San Bruno Budget
FY2025-26 Adopted/current baseline with FY2026-27 city manager recommended, not adopted comparison
San Bruno's FY2026-27 recommended General Fund budget preview shows spending slightly above revenue. Public safety is the largest service area, and the City also identifies state-driven revenue risks that could affect nearly one-third of the annual General Fund budget.
What changed from the adopted budget?
This compares the FY2025-26 adopted/current baseline with the FY2026-27 City Manager recommended budget values that were validated from official San Bruno sources.
- General Fund revenue and spending both increase from the FY2025-26 adopted baseline.
- The recommended-year spending increase is larger than the revenue increase, producing the displayed $1.7M operating gap.

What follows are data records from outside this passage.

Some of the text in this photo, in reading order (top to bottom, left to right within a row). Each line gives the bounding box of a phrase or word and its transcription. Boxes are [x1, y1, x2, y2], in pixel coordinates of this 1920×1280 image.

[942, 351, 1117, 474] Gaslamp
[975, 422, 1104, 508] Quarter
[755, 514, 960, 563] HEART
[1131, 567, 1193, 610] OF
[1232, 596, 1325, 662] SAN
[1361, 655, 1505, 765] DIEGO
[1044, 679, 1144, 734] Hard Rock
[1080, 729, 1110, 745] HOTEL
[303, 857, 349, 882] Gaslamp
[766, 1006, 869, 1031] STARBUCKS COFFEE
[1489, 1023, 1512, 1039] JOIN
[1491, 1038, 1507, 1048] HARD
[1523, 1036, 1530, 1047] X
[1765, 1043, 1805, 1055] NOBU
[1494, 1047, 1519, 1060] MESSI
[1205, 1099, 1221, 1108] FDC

- Department and category detail is shown for FY2026-27, but year-over-year department movement is intentionally caveated until adopted baseline rows are verified at the same level of detail.
Revenue summary
Major expenditures and departments
Reserve and fund balance
FY2026-27 reserve use was not verified in the accessible ClearGov text during source-shape confirmation. CivicCause should use FY2025-26 adopted reserves as context and avoid claiming final proposed reserve draw until the ClearGov balancing schedule is reviewed.
Budget story
- The FY2026-27 preview shows General Fund spending of about $76.4M against about $74.7M in revenue.
- San Bruno identifies about $22M per year in state-driven or policy-sensitive revenue risk, nearly one-third of the annual General Fund budget.

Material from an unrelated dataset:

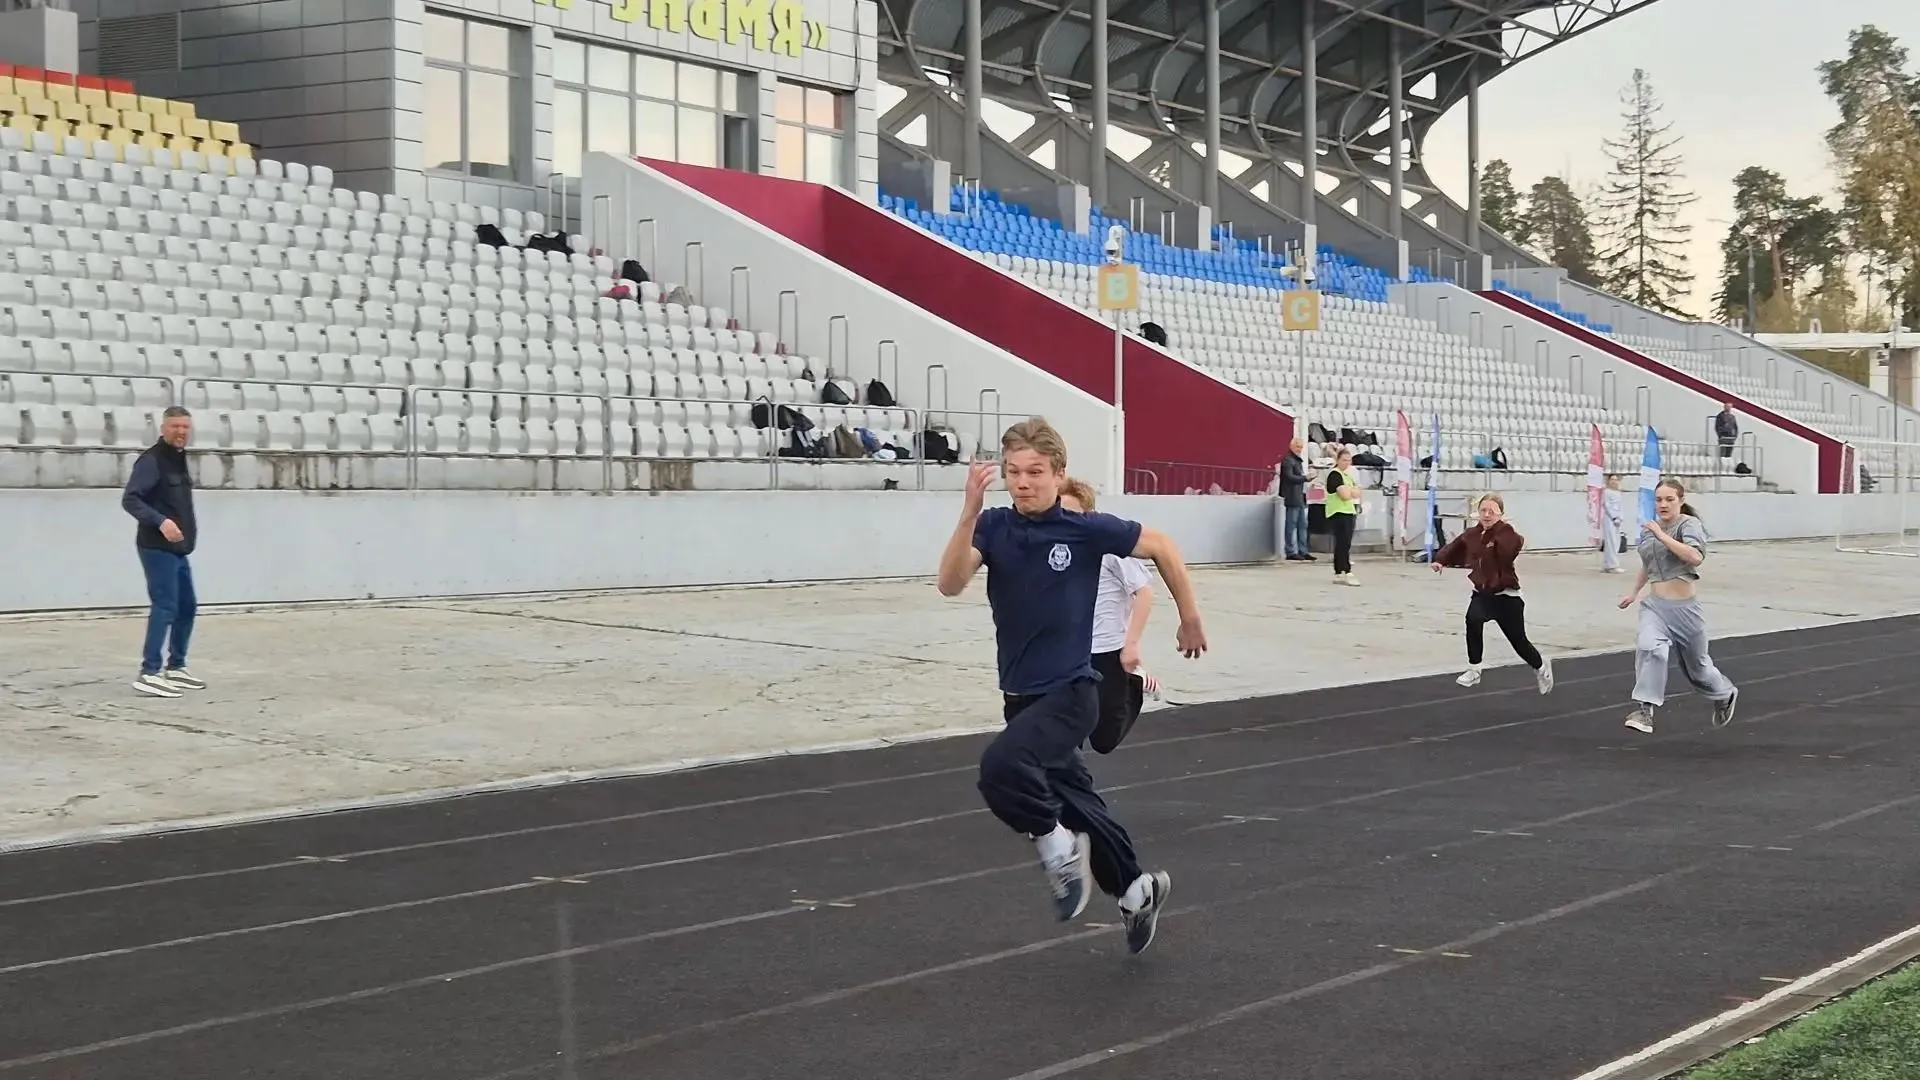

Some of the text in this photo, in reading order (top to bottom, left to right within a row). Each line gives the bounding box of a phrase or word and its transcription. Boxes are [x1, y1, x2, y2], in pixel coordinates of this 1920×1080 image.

[609, 0, 828, 58] амя»
[1107, 273, 1129, 301] B
[1291, 297, 1311, 323] C

- Risk areas include VLF backfill, sales-tax sharing agreement revenue, cardroom revenue, and ERAF allocation uncertainty.

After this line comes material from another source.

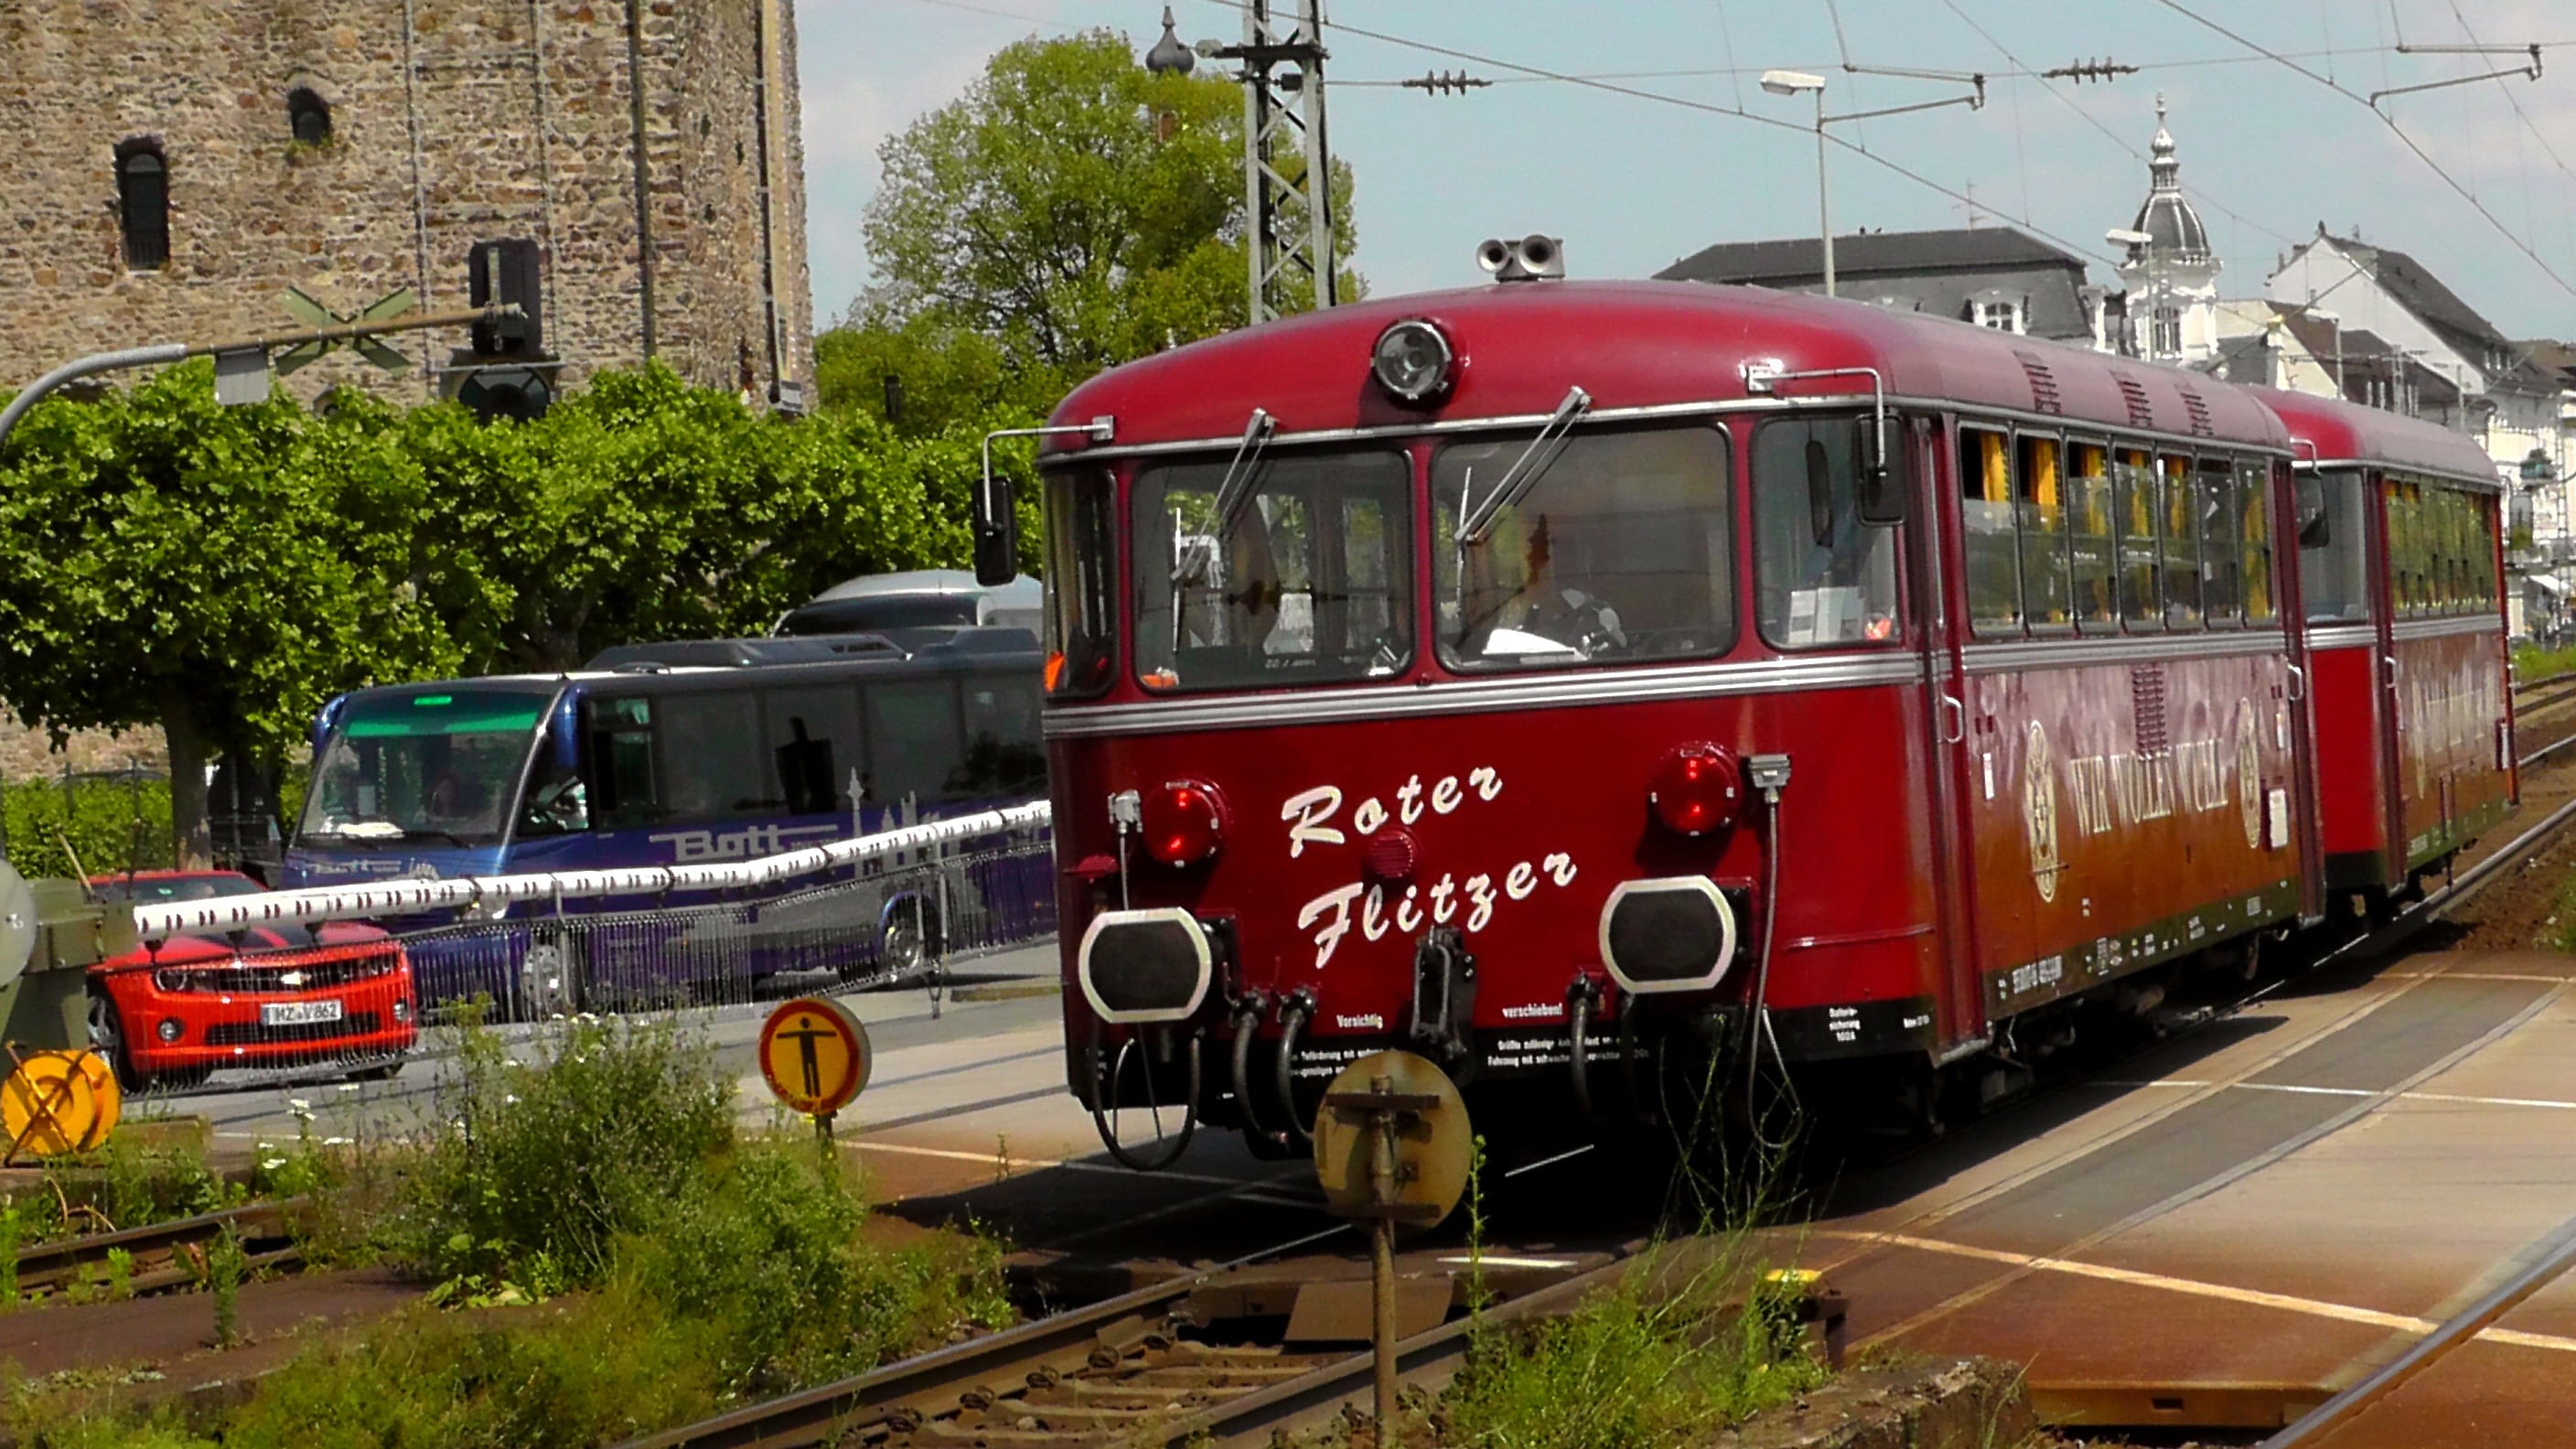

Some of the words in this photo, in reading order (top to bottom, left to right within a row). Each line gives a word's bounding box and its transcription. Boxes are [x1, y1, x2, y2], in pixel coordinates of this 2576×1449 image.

- All-funds totals should be caveated because water, sewer, special revenue, capital, and project funds make the total much larger than day-to-day General Fund services.
Capital Improvement Program
San Bruno publishes CIP information, but capital projects should remain separate from operating-budget framing. FY2025-26 adopted CIP authority includes carryover/project authority plus new requests.
Measure Q bond revenues are restricted to streets, storm drain infrastructure, and fire stations.